RNA Modifications Destabilize a Pyrimidine‐Motif RNA●DNA‐DNA Triple Helix

Abstract

The formation of pyrimidine‐motif RNA●DNA‐DNA (R●D‐D) triple helices (or triplexes), in which ‘●’ and ‘‐’ represent Hoogsteen and Watson‐Crick interactions, has been proposed for over 60 years, but the stability of these structures with RNA modifications has yet to be studied. Eleven RNA modifications were chosen for this study based on their presence in human transcripts and their effects on human health: 5‐methylcytidine (m5C), 5‐methyluridine (m5U), pseudouridine (Ψ), 2ʹ‐O‐methyladenosine (Am), 2ʹ‐O‐methylcytidine (Cm), 2ʹ‐O‐methylguanosine (Gm), 2ʹ‐O‐methyluridine (Um), 3‐methyluridine (m3U), 4‐thiouridine (s4U), inosine (I), and N6‐methyladenosine (m6A). Several of these had been previously found to stabilize or destabilize other nucleic acid duplex and triplex structures.

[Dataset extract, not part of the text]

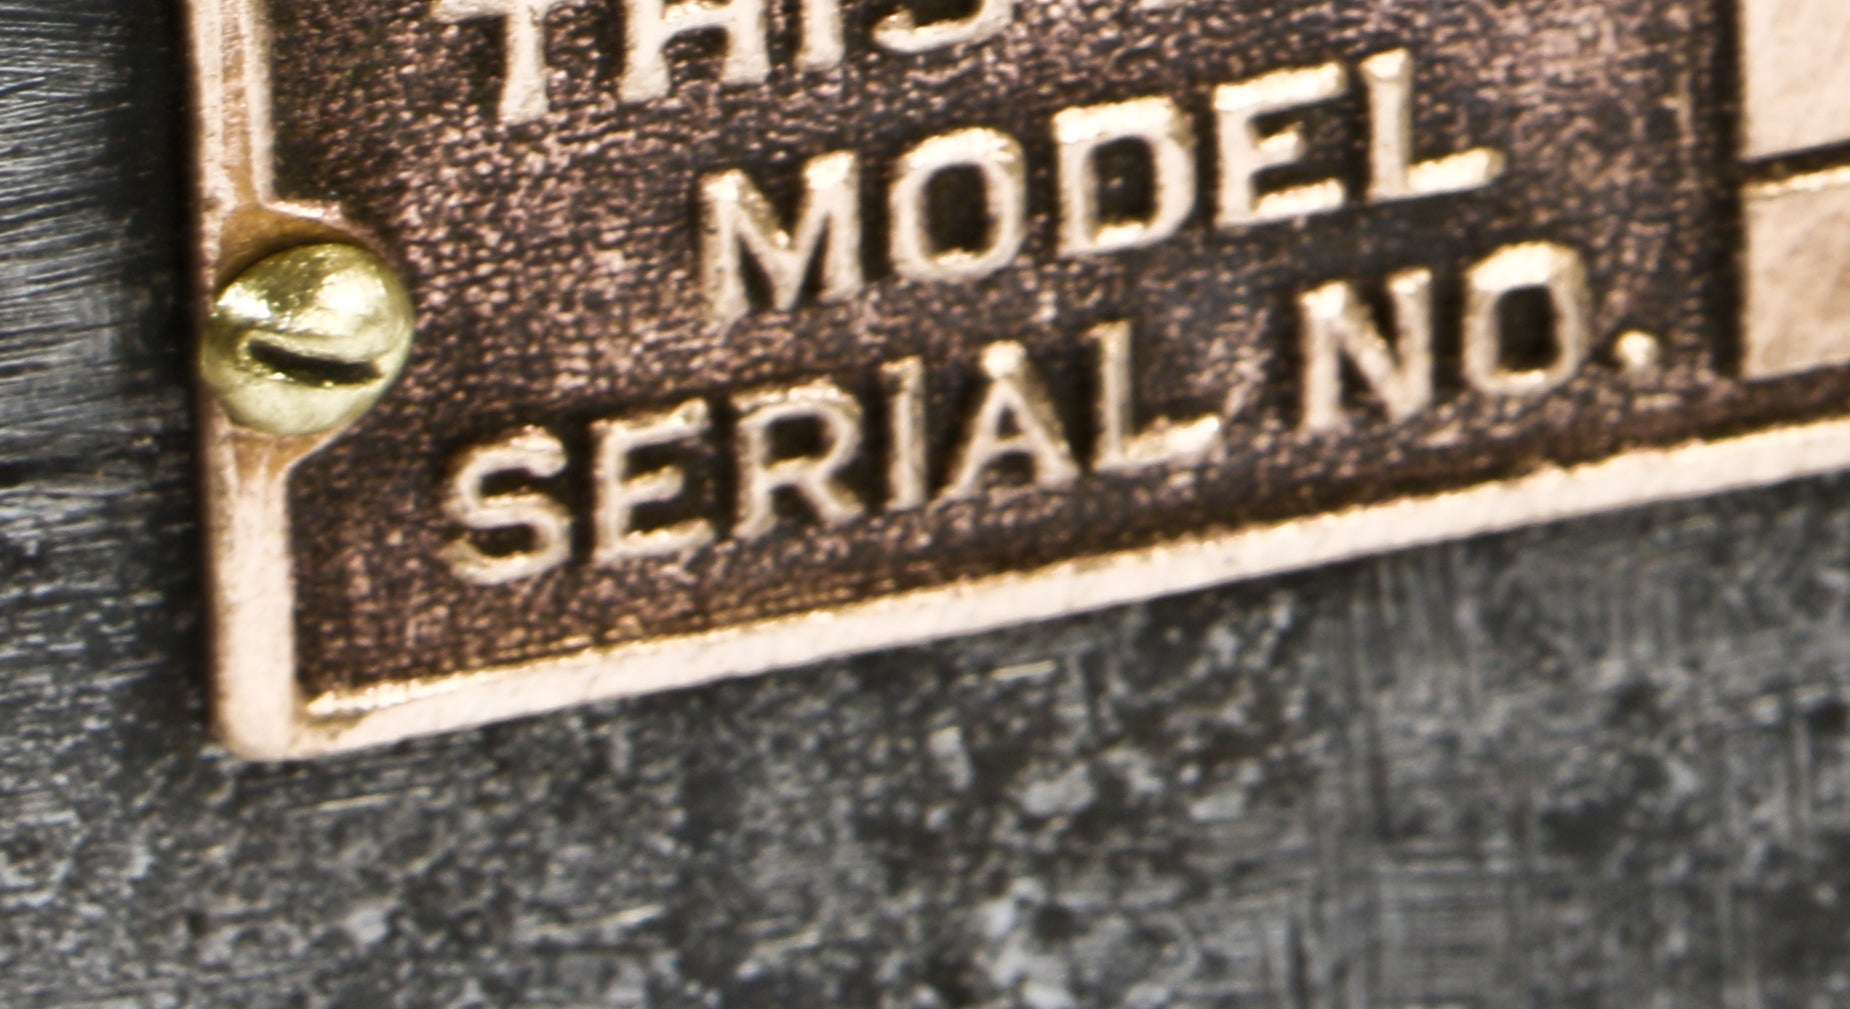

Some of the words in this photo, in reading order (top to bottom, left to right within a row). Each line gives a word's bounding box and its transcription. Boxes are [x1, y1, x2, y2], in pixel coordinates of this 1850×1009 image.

Using both native gel‐shift assays and microscale thermophoresis, the relative stability of a single modified position in a pyrimidine‐motif R●D‐D triple helix was measured at neutral pH. All eleven modifications were found to either have no effect or to destabilize the R●D‐D triple helix, ranging from 2‐fold to complete disruption of binding. For each of the canonical R●D‐D base triples (U●A‐T and C●G‐C), the 2ʹ‐O‐methyl modifications were found to be the least destabilizing, whereas those that directly interfered with the Hoogsteen interactions, such as m3U, were the most destabilizing modifications. As the formation of R●D‐D triple helices in promoter regions of DNA leads to transcriptional enhancement and repression, this study reveals that some RNA modifications could potentially inhibit R●D‐D triplex formation as another level of transcriptional regulation.